/---

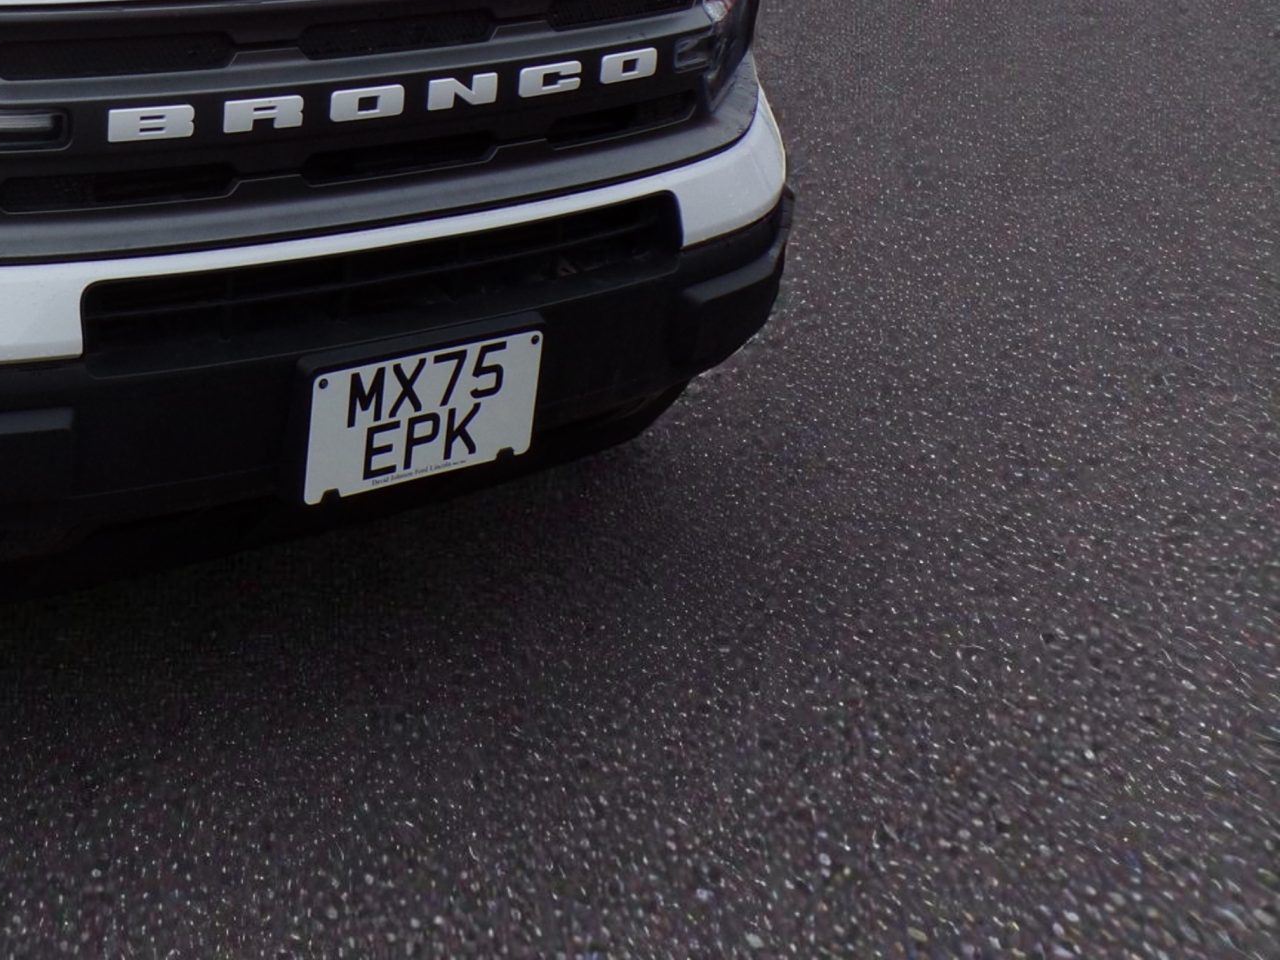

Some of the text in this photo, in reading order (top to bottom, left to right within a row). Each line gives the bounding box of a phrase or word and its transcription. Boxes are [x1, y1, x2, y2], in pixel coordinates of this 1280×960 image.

[107, 47, 657, 143] BRONCO
[346, 341, 507, 429] MX75
[362, 402, 482, 481] EPK
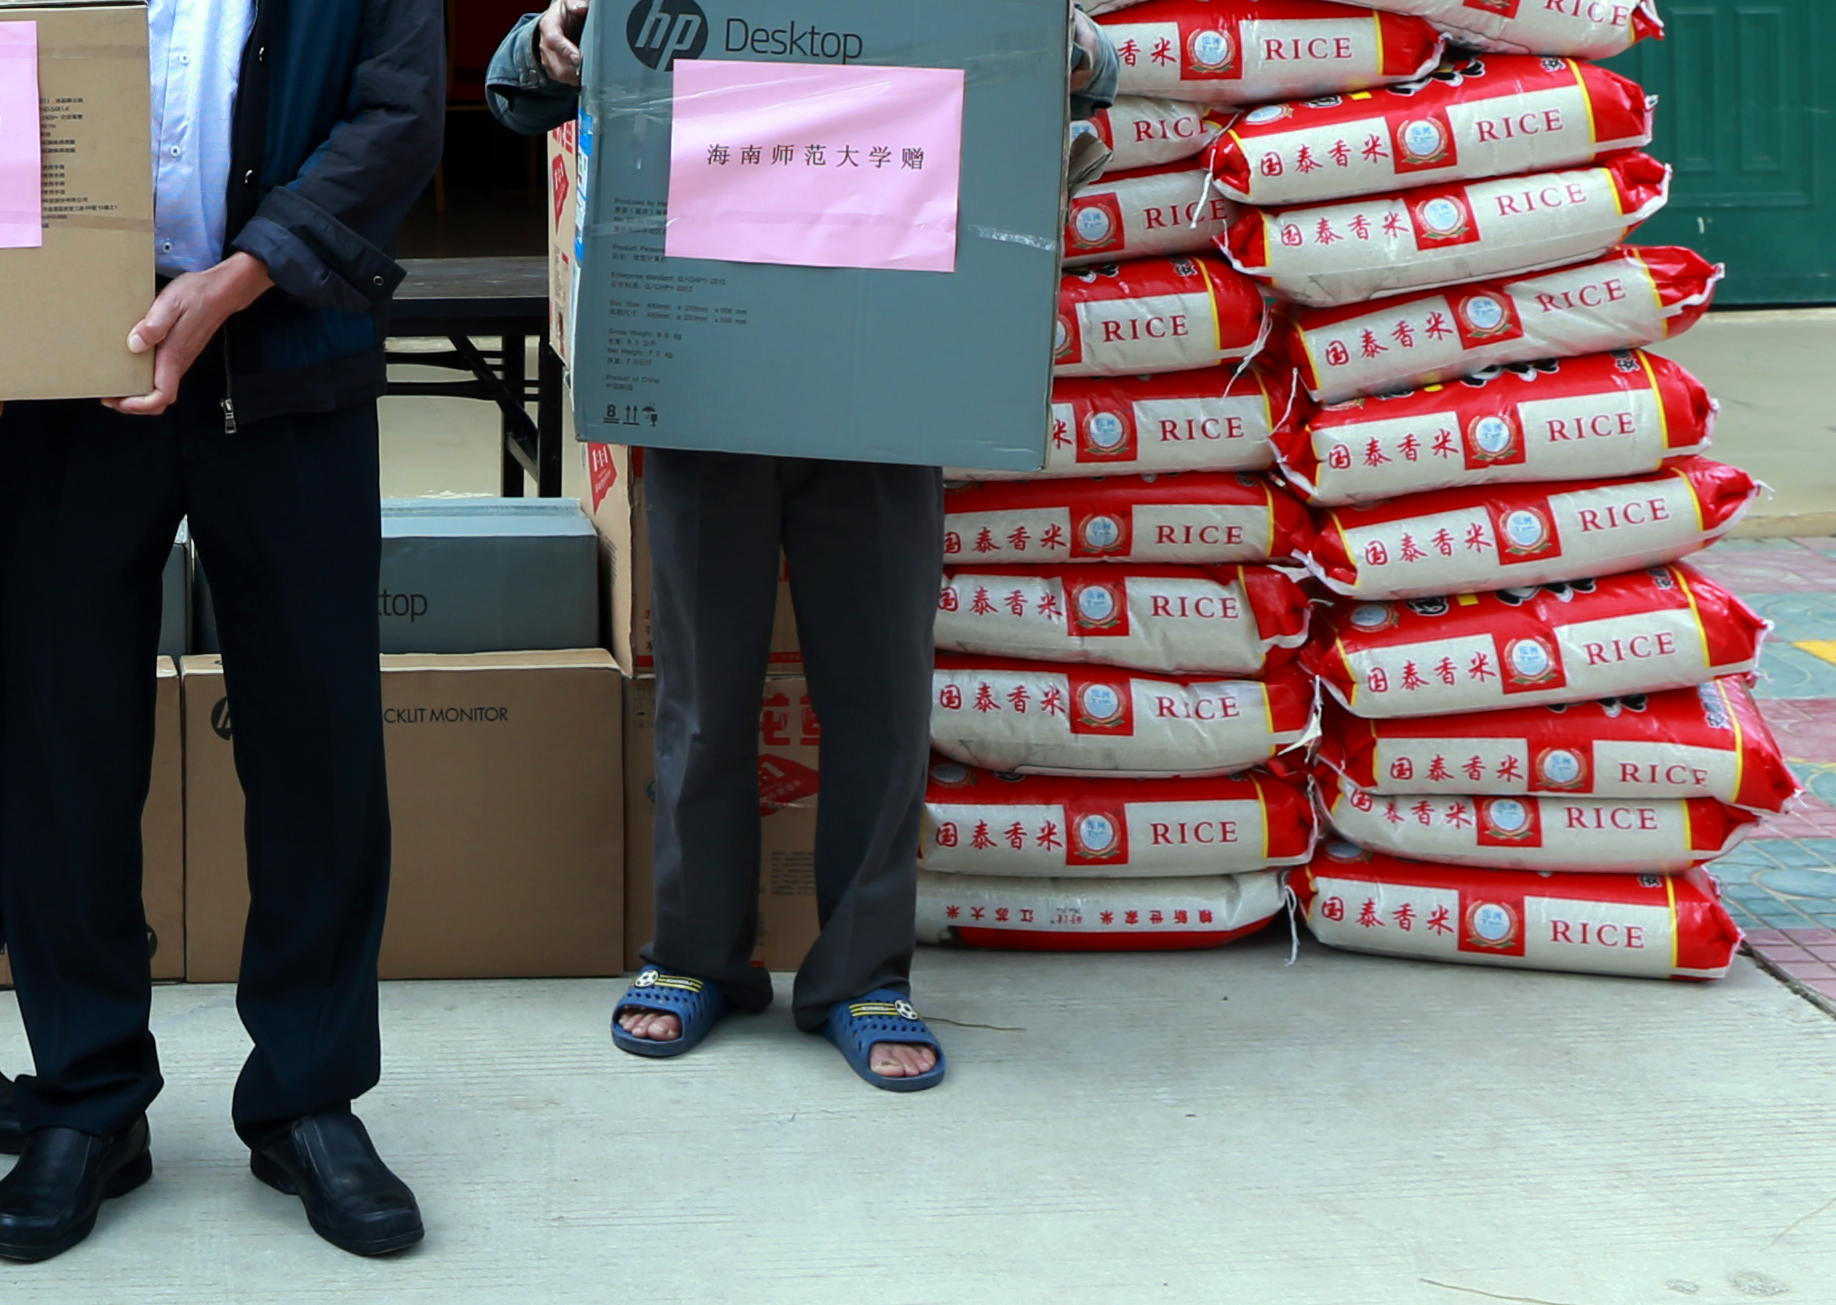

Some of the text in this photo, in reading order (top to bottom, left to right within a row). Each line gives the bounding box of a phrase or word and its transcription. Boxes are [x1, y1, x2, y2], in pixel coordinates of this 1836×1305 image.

\---

EXERCISE REQUIREMENTS: A word-for-word copy of the data, without its pictures, is what is needed.

YOUR RESPONSE:
Some of the text in this photo, in reading order (top to bottom, left to right within a row). Each line gives the bounding box of a phrase or word and its transcription. Boxes are [x1, y1, x2, y2], in pixel coordinates of this 1280×960 image.

[107, 47, 657, 143] BRONCO
[346, 341, 507, 429] MX75
[362, 402, 482, 481] EPK

Some of the text in this photo, in reading order (top to bottom, left to right within a row). Each line gives the bounding box of a phrase or word and its transcription. Boxes are [x1, y1, x2, y2], in pixel coordinates of this 1836×1305 image.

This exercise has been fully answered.